D’où l’intérêt des polymères comme le PTFE, le célèbre Téflon, ou les polysulfones qui combinent résistance thermique et propriété autolubrifiante.

Mettez-leur la pression

Chocs ou compression, les plastiques nouvelles générations encaissent tous les coups ! Grâce aux nouvelles technologies des matériaux, les polymères haute performance sont désormais un produit de choix en matière de résistance. Même en cas d’importante sollicitation mécanique, les PA46 ou PPA gardent leur forme après coup. 
En outre, leur prix et leur coût en termes de fabrication en font des matériaux attractifs et économiques ! Partout où des joints, des éléments isolants et des surfaces antidérapantes devant absorber les chocs, sont nécessaires, ces polymères s’imposent comme la solution révolutionnaire. Attention toutefois en cas de choc avec une météorite, à ce niveau ce n’est pas encore sûr qu’il résiste !

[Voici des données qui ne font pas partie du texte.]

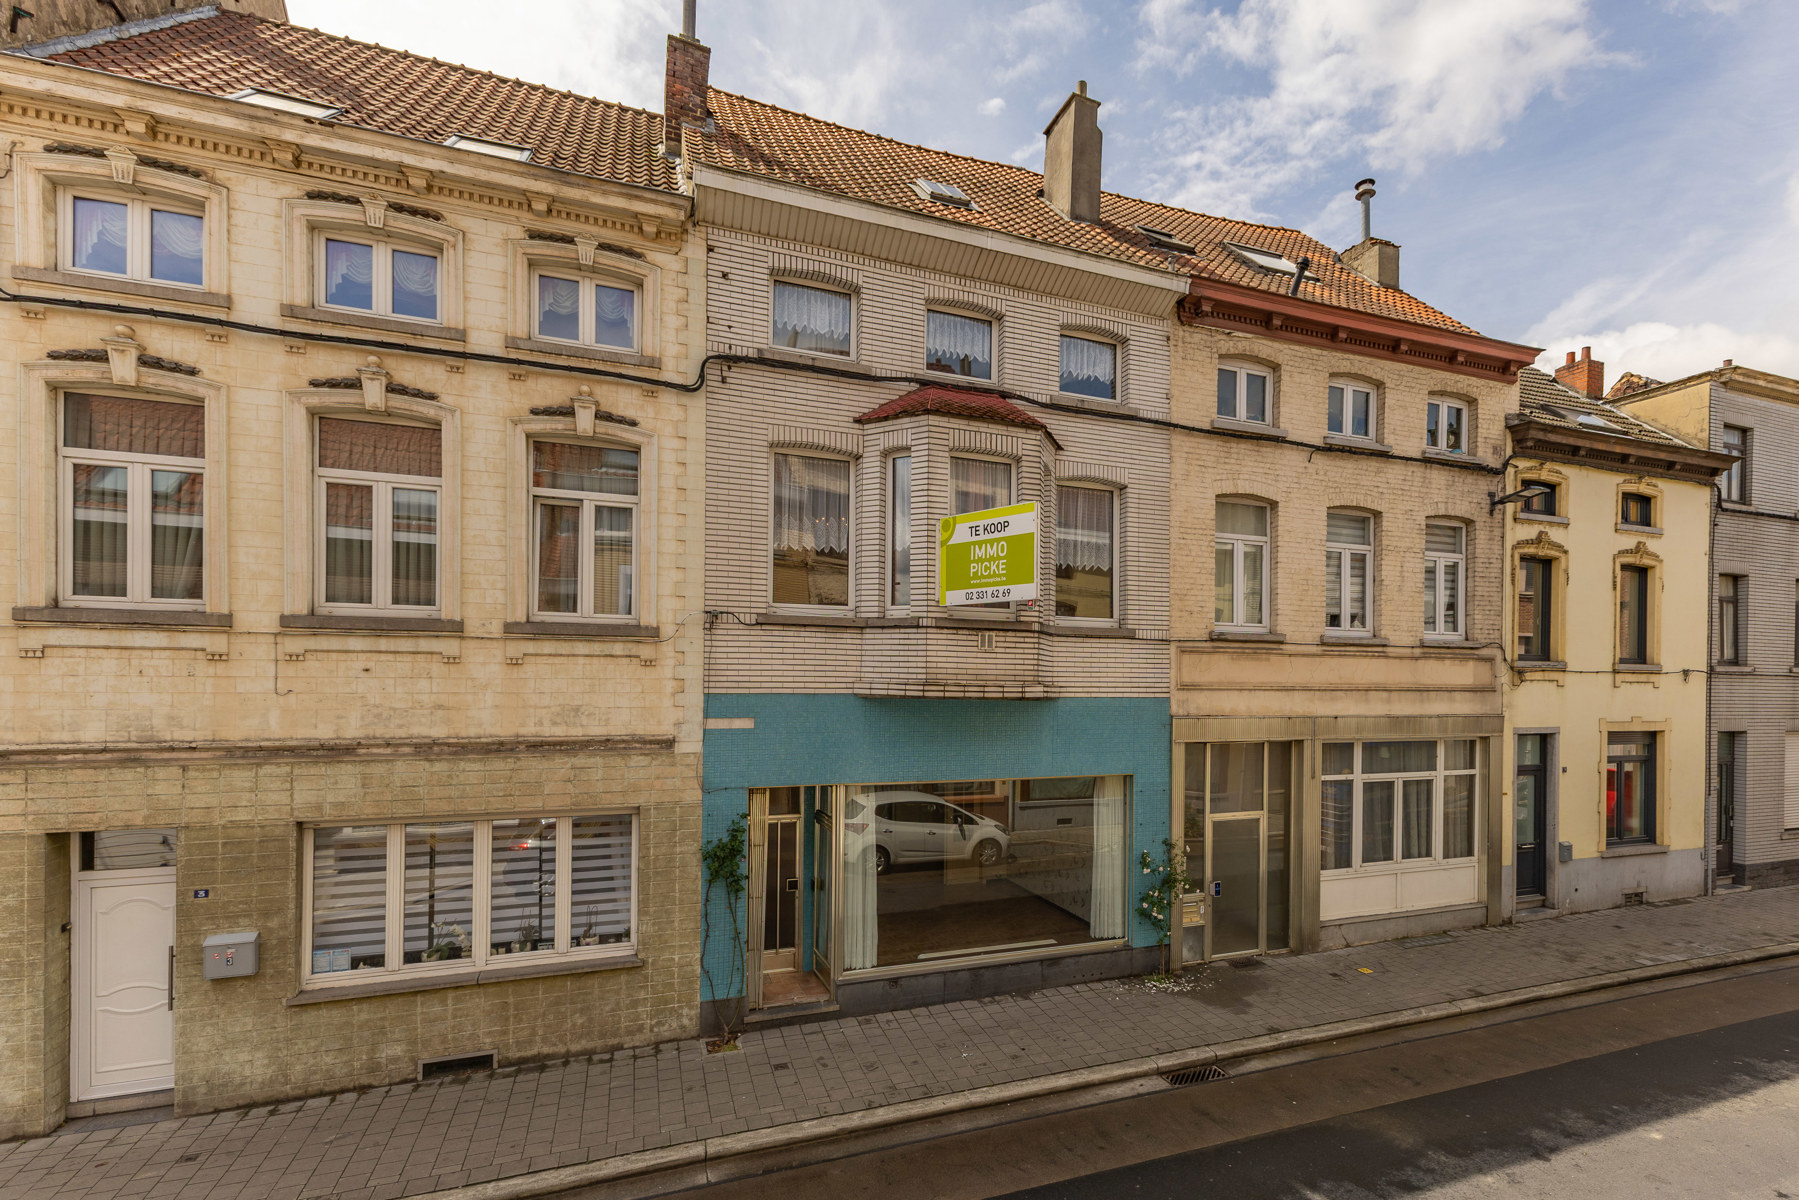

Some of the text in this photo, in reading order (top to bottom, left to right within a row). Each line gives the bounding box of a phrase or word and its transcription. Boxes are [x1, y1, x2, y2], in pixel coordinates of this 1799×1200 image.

Papy fait de la résistance

Banal voire ringard, le polyéthylène de nos sacs plastiques, c’est à voir ! Non content d’être le polymère le plus utilisé, il prétend jouer désormais les super-héros. Nom de code UHMWPE pour Polyéthylène à très haute masse moléculaire. 
Les chimistes savent que la résistance thermique et mécanique des polymères dépend de la longueur des chaînes de molécules et de la qualité de leurs liaisons. Fort de ce constat, certains s’efforcent de modifier ces facteurs pour doper les polymères conventionnels et obtenir des plastiques haute performance moins coûteux à fabriquer et à mettre en œuvre. 
Soumis à ce régime, le polyéthylène UHMWPE a littéralement cassé la baraque en fournissant des fibres deux fois plus résistantes que le Kevlar et 10 à 100 fois plus que l'acier.

Après un début de carrière dans le levage et la traction, l'UHMWPE fait son entrée le domaine spatial. En 2007, il a été utilisé pour confectionner le filin très particulier utilisé pour ramener la capsule auxiliaire de la mission de Foton M3 de l’Agence Spatiale Européenne.  Ce filin d’à peine un demi millimètre d'épaisseur mais long de 30 km a permis de suspendre la capsule et de la placer sur sa trajectoire de rentrée dans l’atmosphère, démontrant ainsi l’efficacité de ce nouveau «courrier spatial» sans propulsion à l’ergol, et donc bien moins coûteux.